Line by line, the data below should be set down unchanged, with images excluded.

START MATERIAL FOR THIS TASK

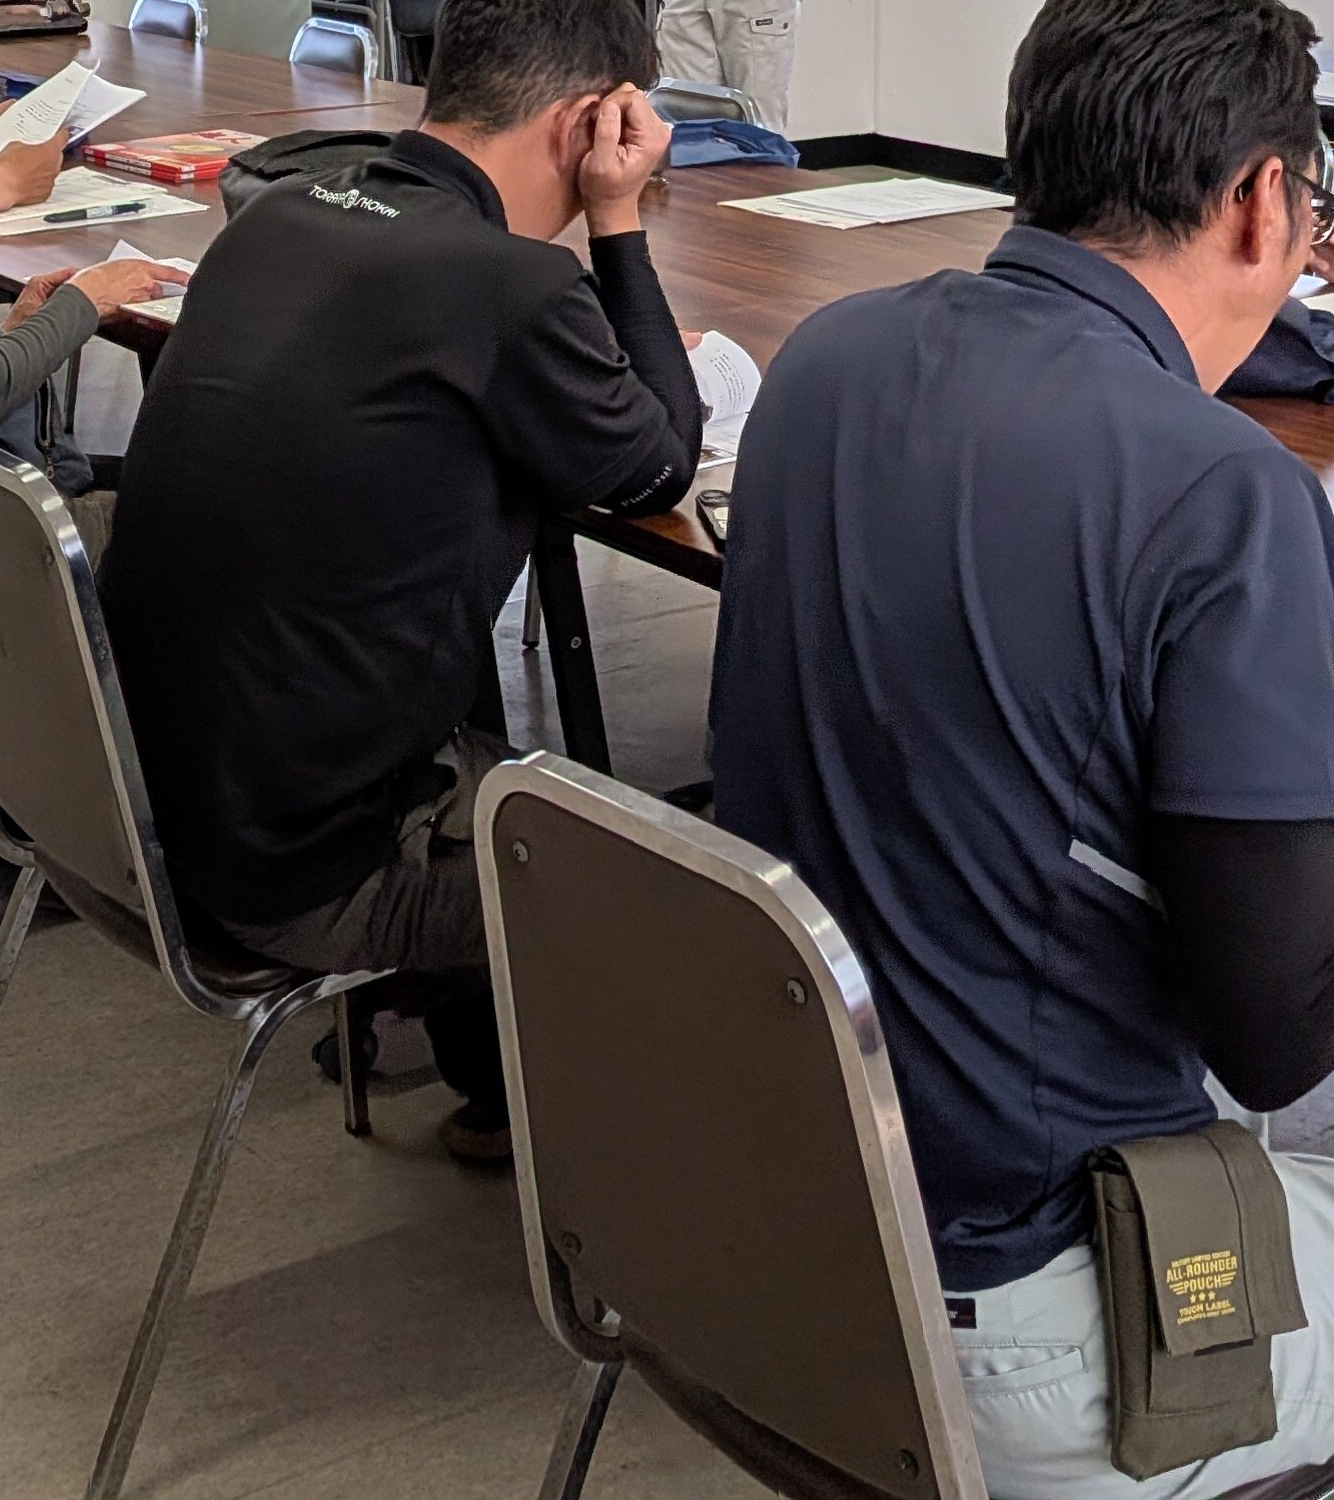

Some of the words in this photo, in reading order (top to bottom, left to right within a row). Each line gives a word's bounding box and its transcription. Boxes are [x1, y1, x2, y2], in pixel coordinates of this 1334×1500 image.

[354, 196, 401, 218] SHOKAI
[1166, 1256, 1238, 1283] ALL-ROUNDER
[1183, 1274, 1222, 1293] POUCH
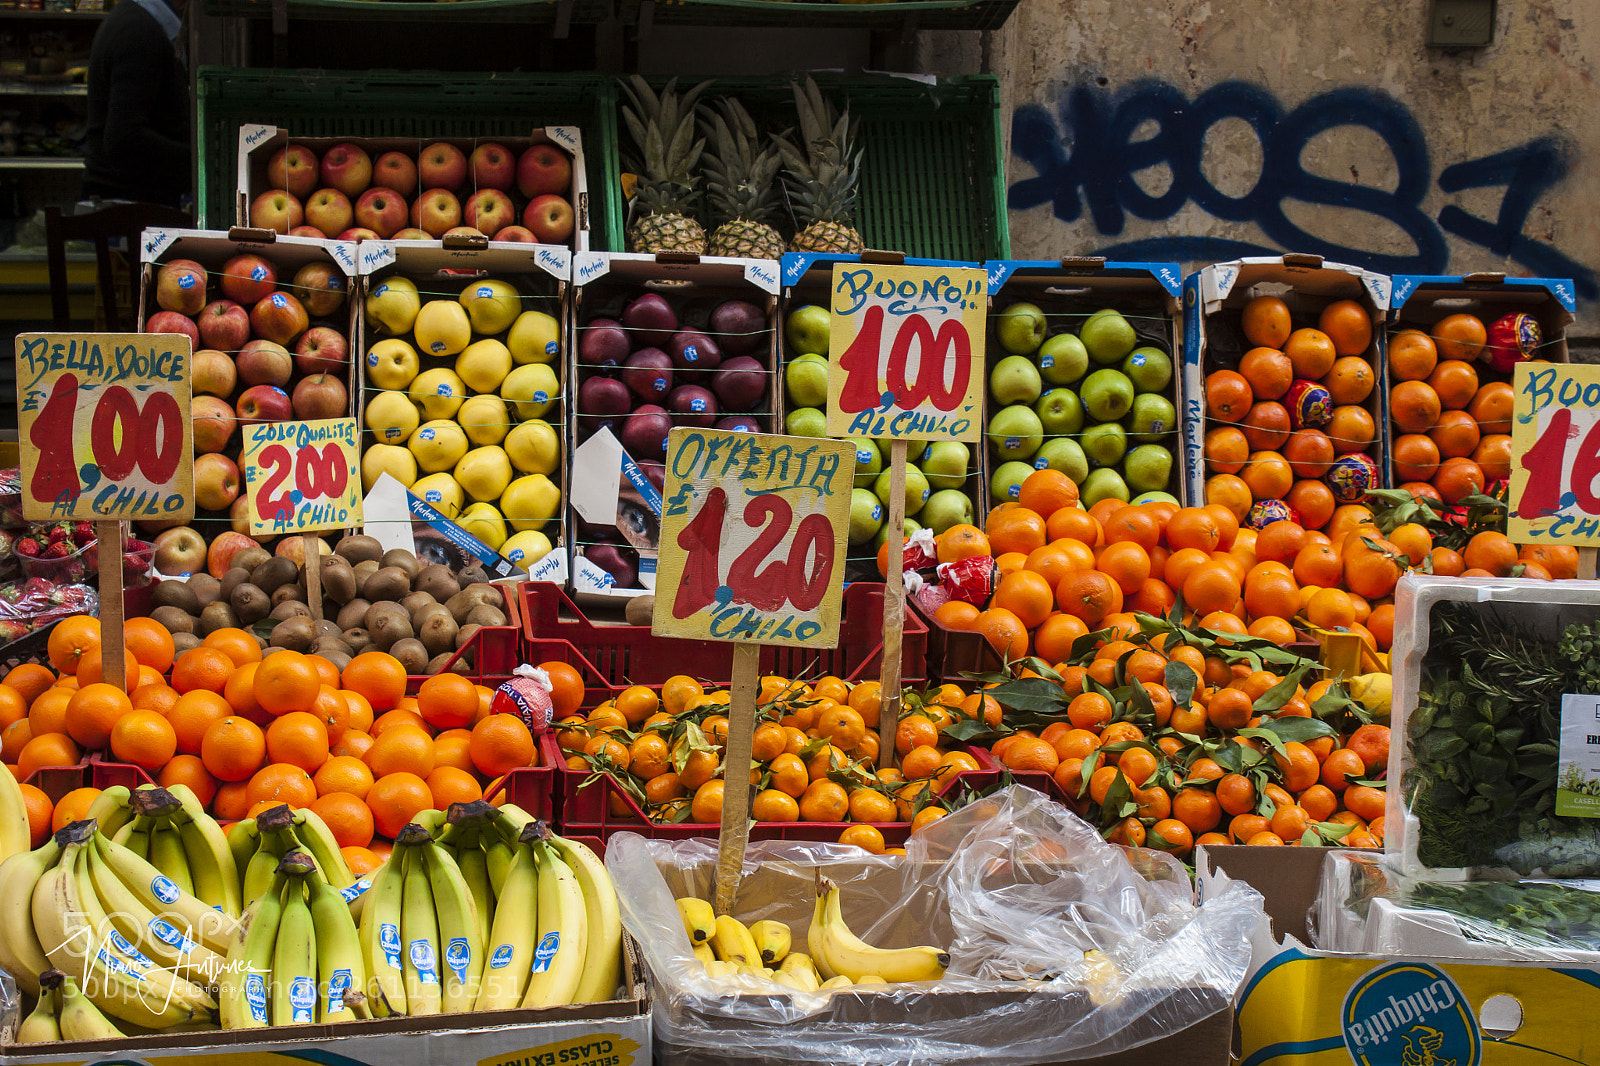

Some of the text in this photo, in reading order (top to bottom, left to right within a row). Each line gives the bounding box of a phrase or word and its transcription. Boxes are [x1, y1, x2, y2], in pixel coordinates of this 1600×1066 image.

[256, 442, 349, 521] 2,00
[624, 461, 647, 487] Marlene
[672, 432, 841, 497] OFFERTA
[92, 484, 185, 515] CHILO
[672, 486, 835, 620] 1,20
[1347, 978, 1457, 1048] Chiquita
[559, 1040, 614, 1063] CLASS

END MATERIAL FOR THIS TASK

## ANSWER SECTION:
Some of the words in this photo, in reading order (top to bottom, left to right within a row). Each line gives a word's bounding box and its transcription. Boxes are [x1, y1, x2, y2], in pixel coordinates of this 1334×1500 image.

[354, 196, 401, 218] SHOKAI
[1166, 1256, 1238, 1283] ALL-ROUNDER
[1183, 1274, 1222, 1293] POUCH

Some of the text in this photo, in reading order (top to bottom, left to right within a row). Each line gives the bounding box of a phrase or word and its transcription. Boxes are [x1, y1, x2, y2], in pixel coordinates of this 1600×1066 image.

[256, 442, 349, 521] 2,00
[624, 461, 647, 487] Marlene
[672, 432, 841, 497] OFFERTA
[92, 484, 185, 515] CHILO
[672, 486, 835, 620] 1,20
[1347, 978, 1457, 1048] Chiquita
[559, 1040, 614, 1063] CLASS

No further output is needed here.